(Text-to-region grounding data)
───

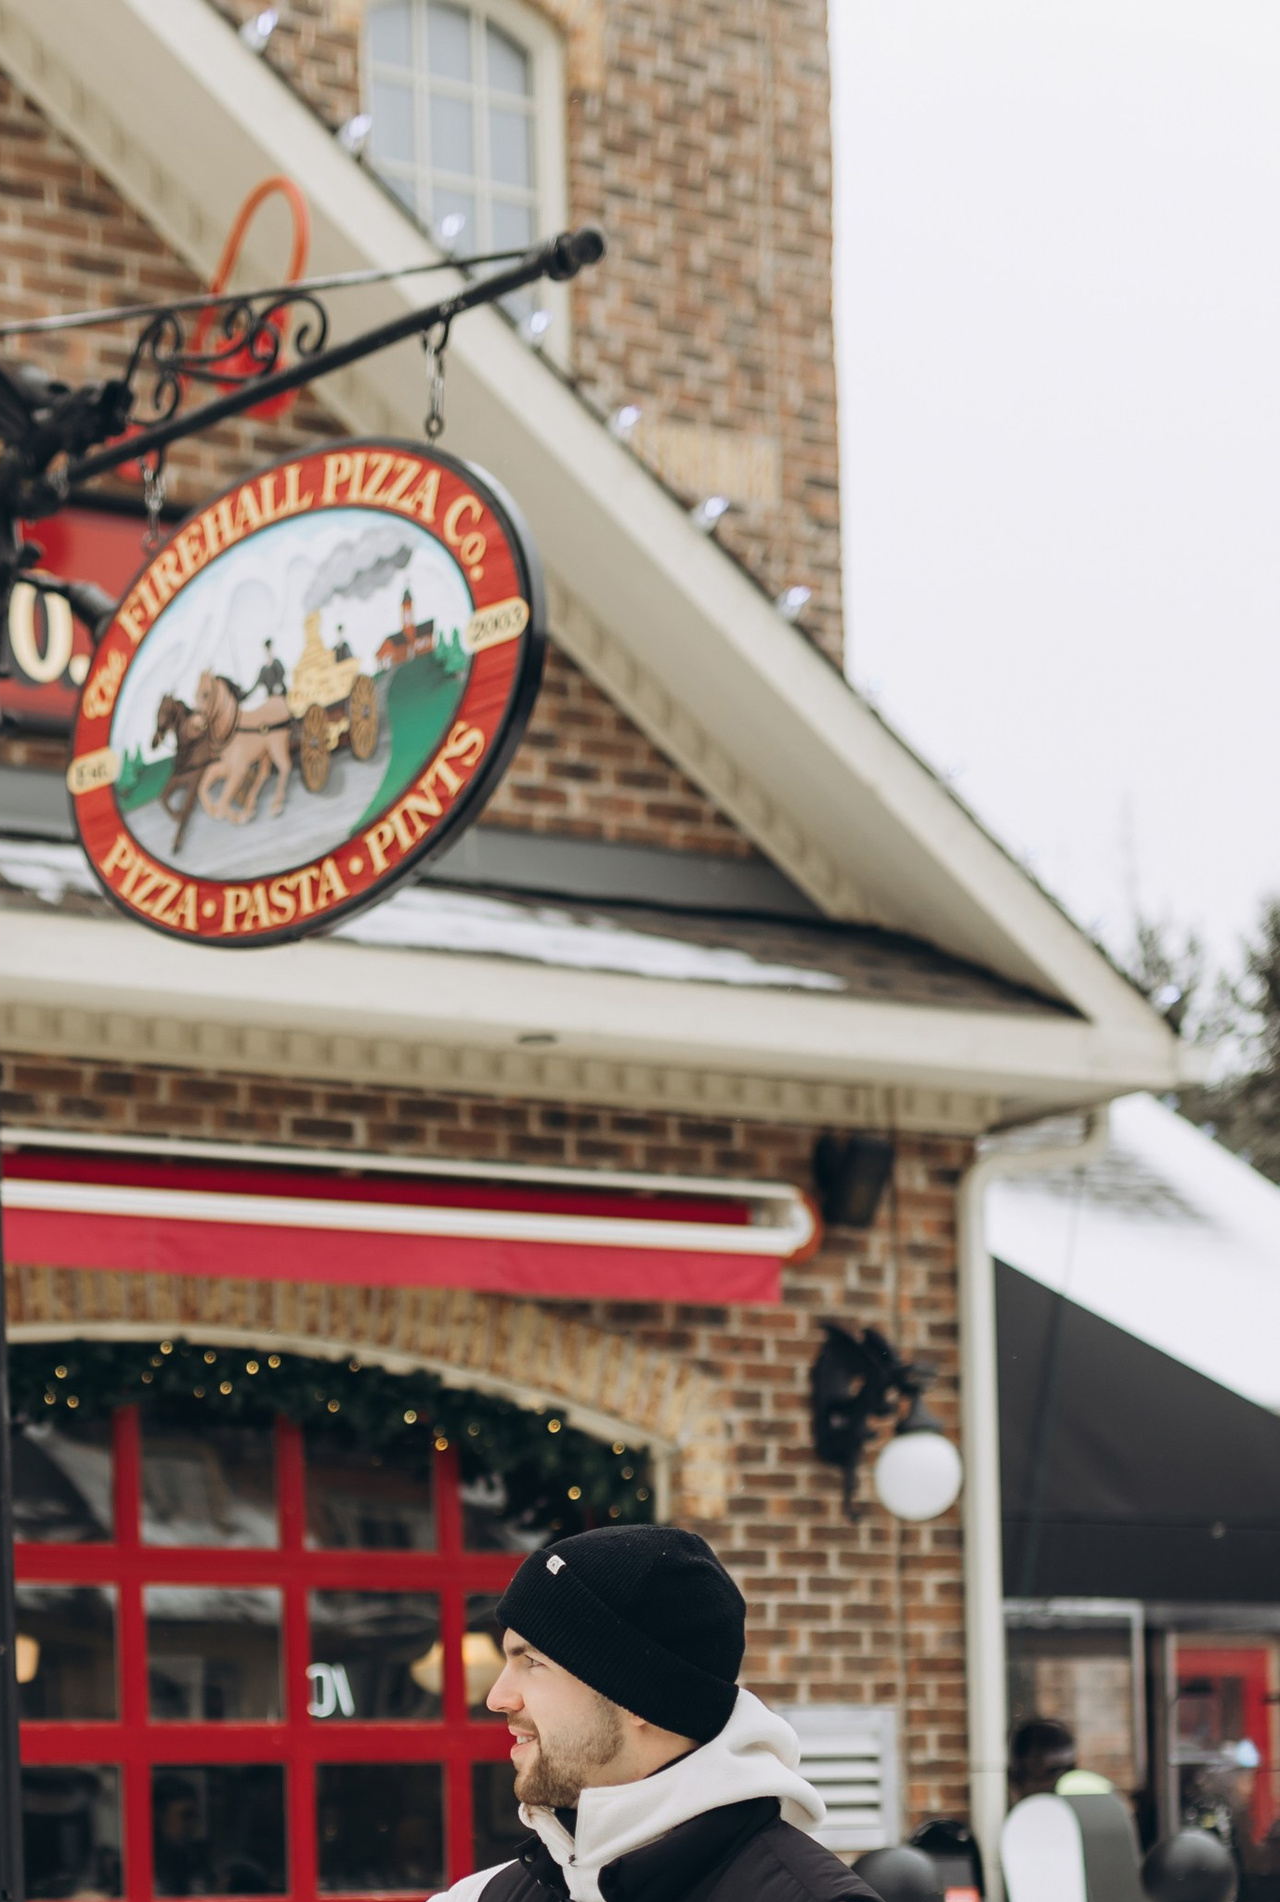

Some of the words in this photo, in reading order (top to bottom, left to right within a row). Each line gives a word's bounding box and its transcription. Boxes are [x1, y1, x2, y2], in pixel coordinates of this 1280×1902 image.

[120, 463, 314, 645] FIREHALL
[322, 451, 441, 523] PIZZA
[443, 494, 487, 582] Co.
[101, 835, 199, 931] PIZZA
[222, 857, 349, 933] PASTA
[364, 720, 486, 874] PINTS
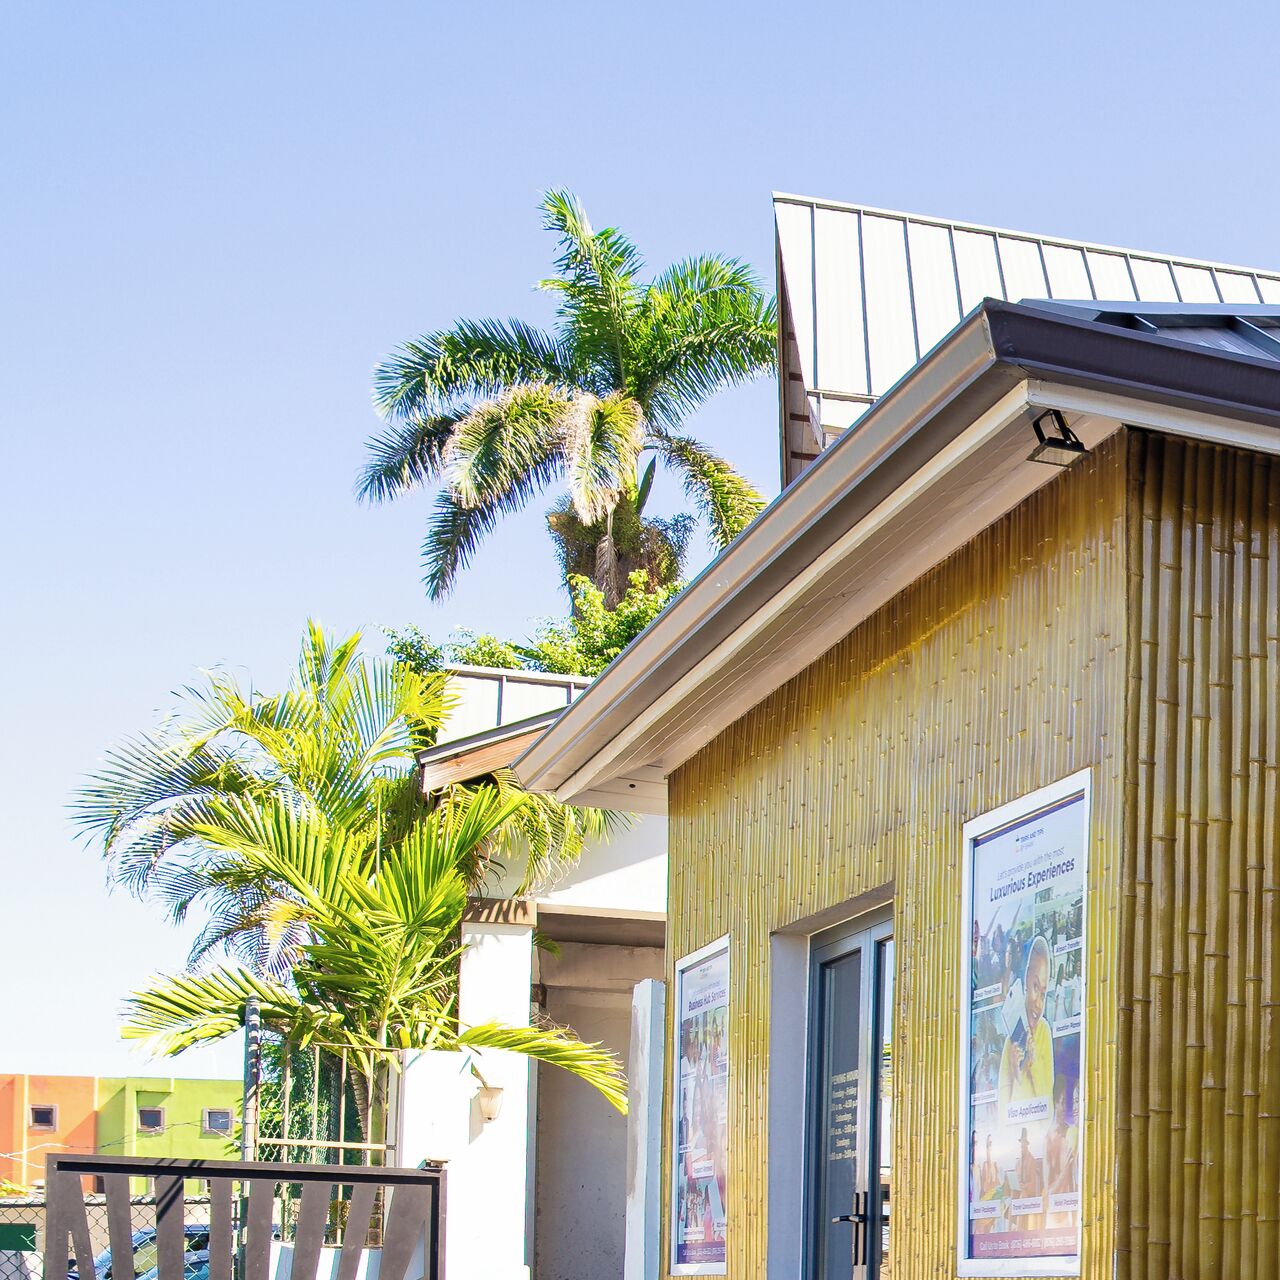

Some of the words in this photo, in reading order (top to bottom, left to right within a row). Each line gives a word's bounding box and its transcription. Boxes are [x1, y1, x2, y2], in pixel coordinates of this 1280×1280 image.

───

Only the entries themselves should be output, word for word, with all pictures omitted.

RESULT BELOW>
Some of the words in this photo, in reading order (top to bottom, left to right within a row). Each line gives a word's bounding box and its transcription. Boxes are [x1, y1, x2, y2], in pixel coordinates of this 1280×1902 image.

[120, 463, 314, 645] FIREHALL
[322, 451, 441, 523] PIZZA
[443, 494, 487, 582] Co.
[101, 835, 199, 931] PIZZA
[222, 857, 349, 933] PASTA
[364, 720, 486, 874] PINTS

Some of the words in this photo, in reading order (top to bottom, left to right within a row). Each line gives a word's bounding box and its transcription. Boxes are [x1, y1, x2, y2], in pixel coordinates of this 1280×1280 image.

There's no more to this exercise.